278. During the period under review, no information was received from the Government of Israel with respect to either of these cases. The Working Group is, therefore, unable to report on the fate and whereabouts of the disappeared persons.
289. During the period under review, the Working Group transmitted 30 cases to the Government of Lebanon, the majority of which reportedly occurred between 1982 and 1983.
290. The majority of the 279 cases of disappearances reported to the Working Group in the past occurred in 1982 and 1983 in the context of the Lebanese civil war. Those responsible for the disappearances are said to have belonged to the Phalangist Militia, the Lebanese Army or its security forces; in some cases, the Israeli Army was also reportedly involved in the arrest, together with one of the other forces mentioned above. Most of the detentions occurred in Beirut and its suburbs. Certain reports indicated that the arrests were made by armed men in civilian clothes operating from vehicles. In a number of cases, the missing person was reportedly arrested and taken away from the Sabra and Chatila camps in September 1982. In some cases which reportedly occurred in 1984, 1985 and 1987, the arrested persons were foreign nationals who were abducted in Beirut. In some of these cases, religious groups such as the "Islamic Holy War" later claimed responsibility for the abductions.

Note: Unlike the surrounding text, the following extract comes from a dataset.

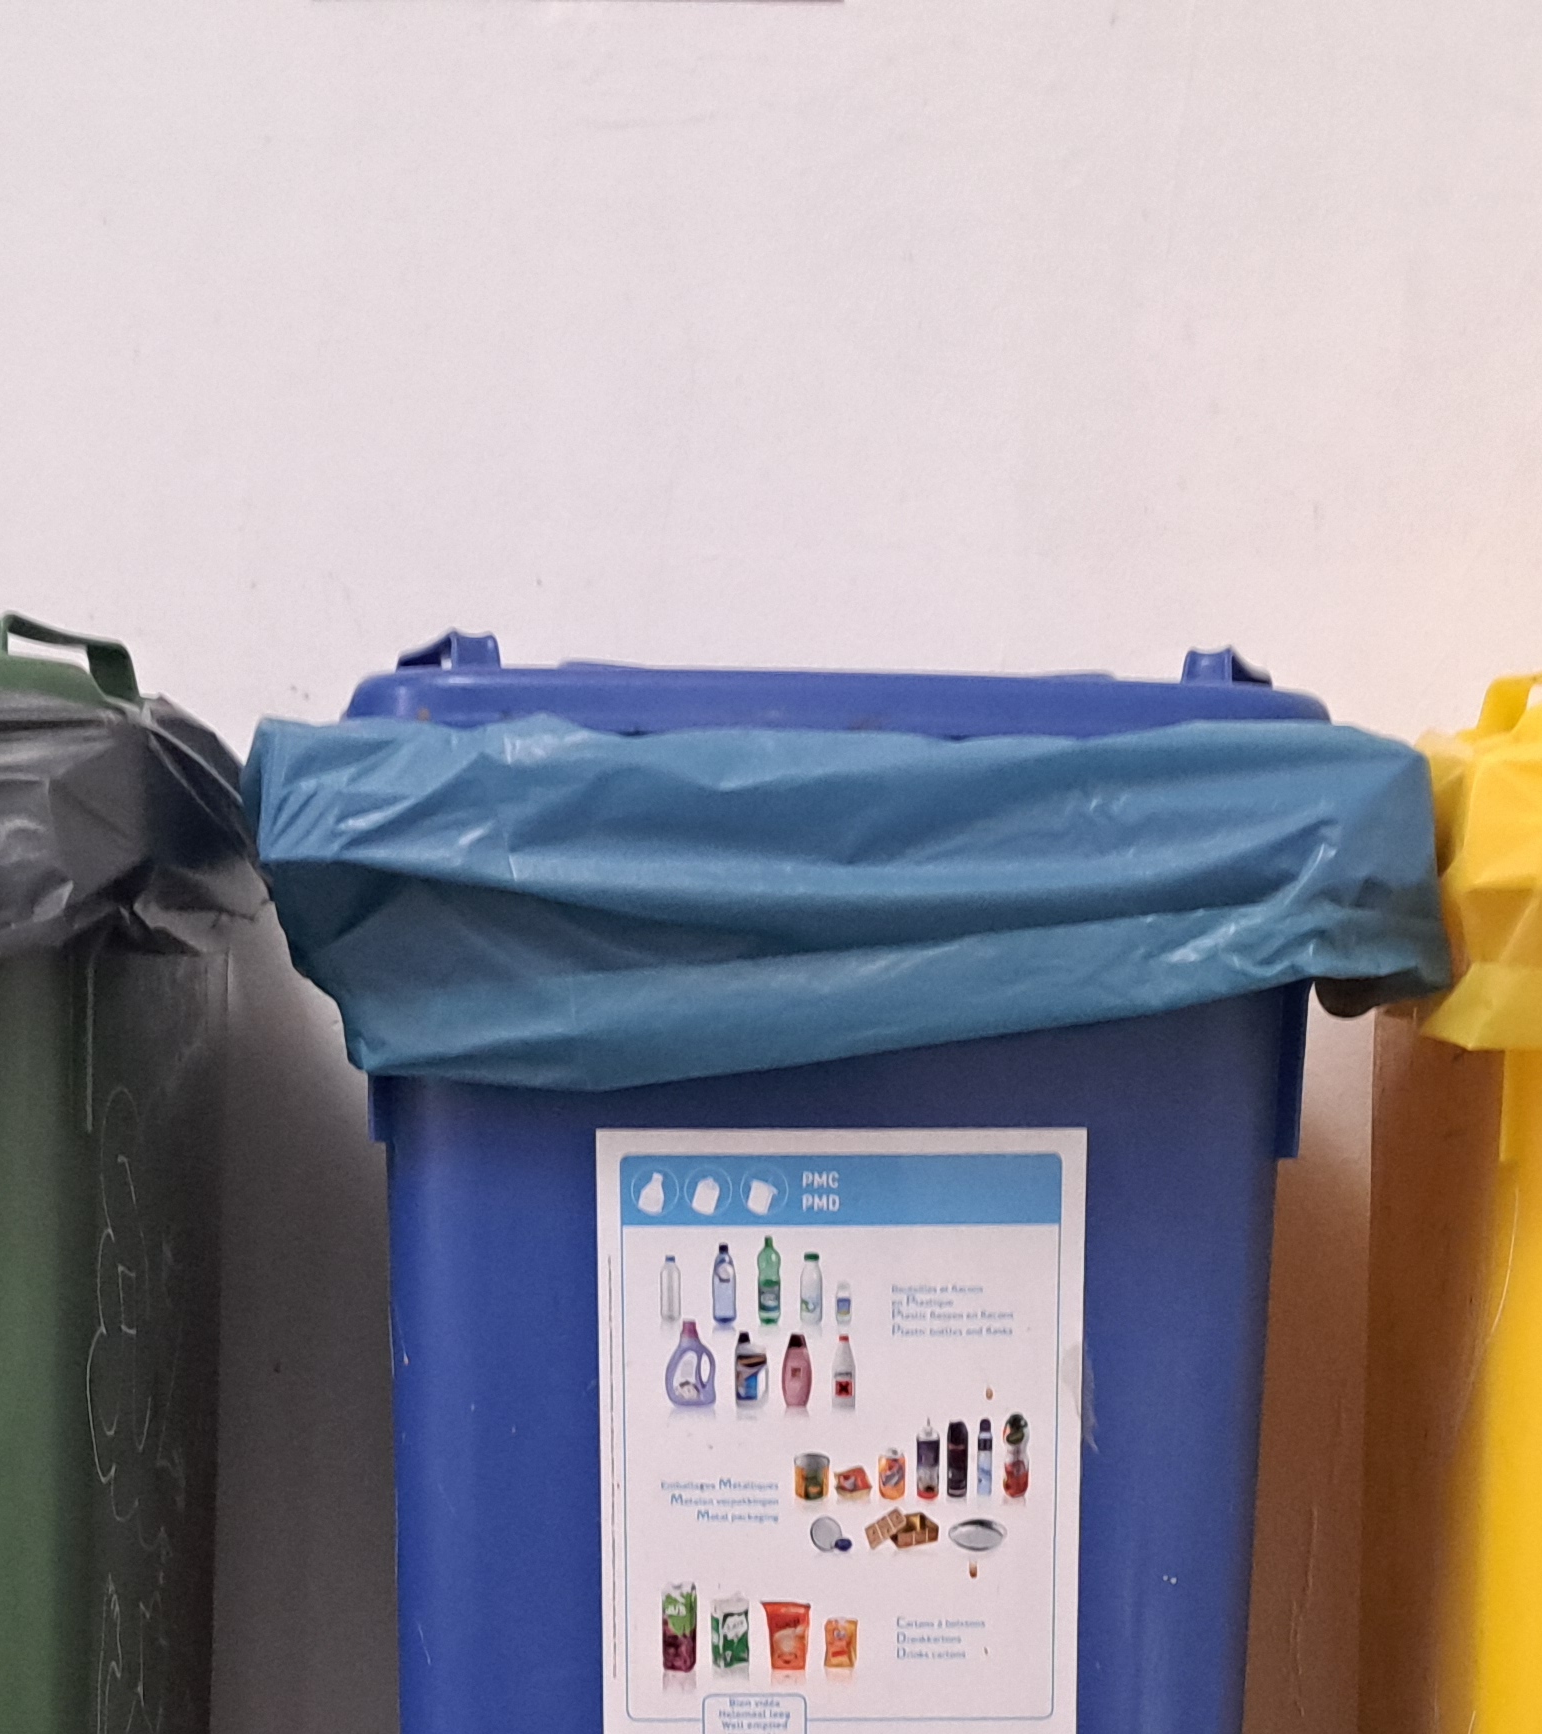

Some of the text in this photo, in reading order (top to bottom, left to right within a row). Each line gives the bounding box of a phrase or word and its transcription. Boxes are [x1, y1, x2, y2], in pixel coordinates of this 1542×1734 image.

291. Most of the cases submitted to the Working Group in 1995 also occurred in the context of the Lebanese civil war, as described in the above paragraph. In a few cases, the missing persons were reportedly transferred to and detained in the Syrian Arab Republic. Several disappearances allegedly took place at Lebanese Army check-points on the east/west border of Beirut. In one case, the disappearance reportedly occurred at a check-point controlled by the Syrian Army. Another case which occurred in 1985 concerns that of a merchant who was allegedly abducted from his car while travelling from Tripoli to his residence in the mountains, an area which was at that time under Syrian control. It is believed that the missing person was later detained in Damascus. A more recent case, which took place in 1992, concerns a member of the political bureau of the Phalangist party, who was allegedly abducted in front of his home, said to be in an area under the control of Syrian troops, by a group of armed men in civilian clothes.
292. During the period under review, the Working Group received information from the Government of Lebanon, in which it stated inter alia, that
"... from 1975 to 1990, Lebanon’s situation was such that the State was not able to exercise full control over national territory. In these circumstances, numerous transgressions and breaches of human rights occurred, not least the disappearance of several persons on Lebanese territory. The successive investigations carried out by the competent authorities have, unfortunately, been fruitless.
"Thanks to the Taif Agreement of 1989 and to the ensuing national recovery, the State had regained legal and military jurisdiction over its territory, with the exception of the Israeli-occupied region of South Lebanon. The Israeli occupation of South Lebanon made it physically impossible for the Lebanese State to conduct investigations in this region, where there was a strong possibility that some of the persons in question might be found. Similarly, the liberation of Lebanese nationals abducted and detained in Israeli prisons and in the Israeli-controlled Khiam detention camp could shed light on the fate of numerous persons currently presumed missing.
"It followed that, for the above-mentioned reasons, the enforced or involuntary disappearance of a number of persons on Lebanese soil could not be ascribed to the Lebanese State."
293. The Working Group wishes again to remind the Government of Lebanon of its continuing responsibility to undertake all requested investigations, until the fate of the missing persons is fully elucidated. In this respect, it has emphasized the applicability of article 7 of the Declaration to the particular circumstances which affected Lebanon at the time of the above disappearances.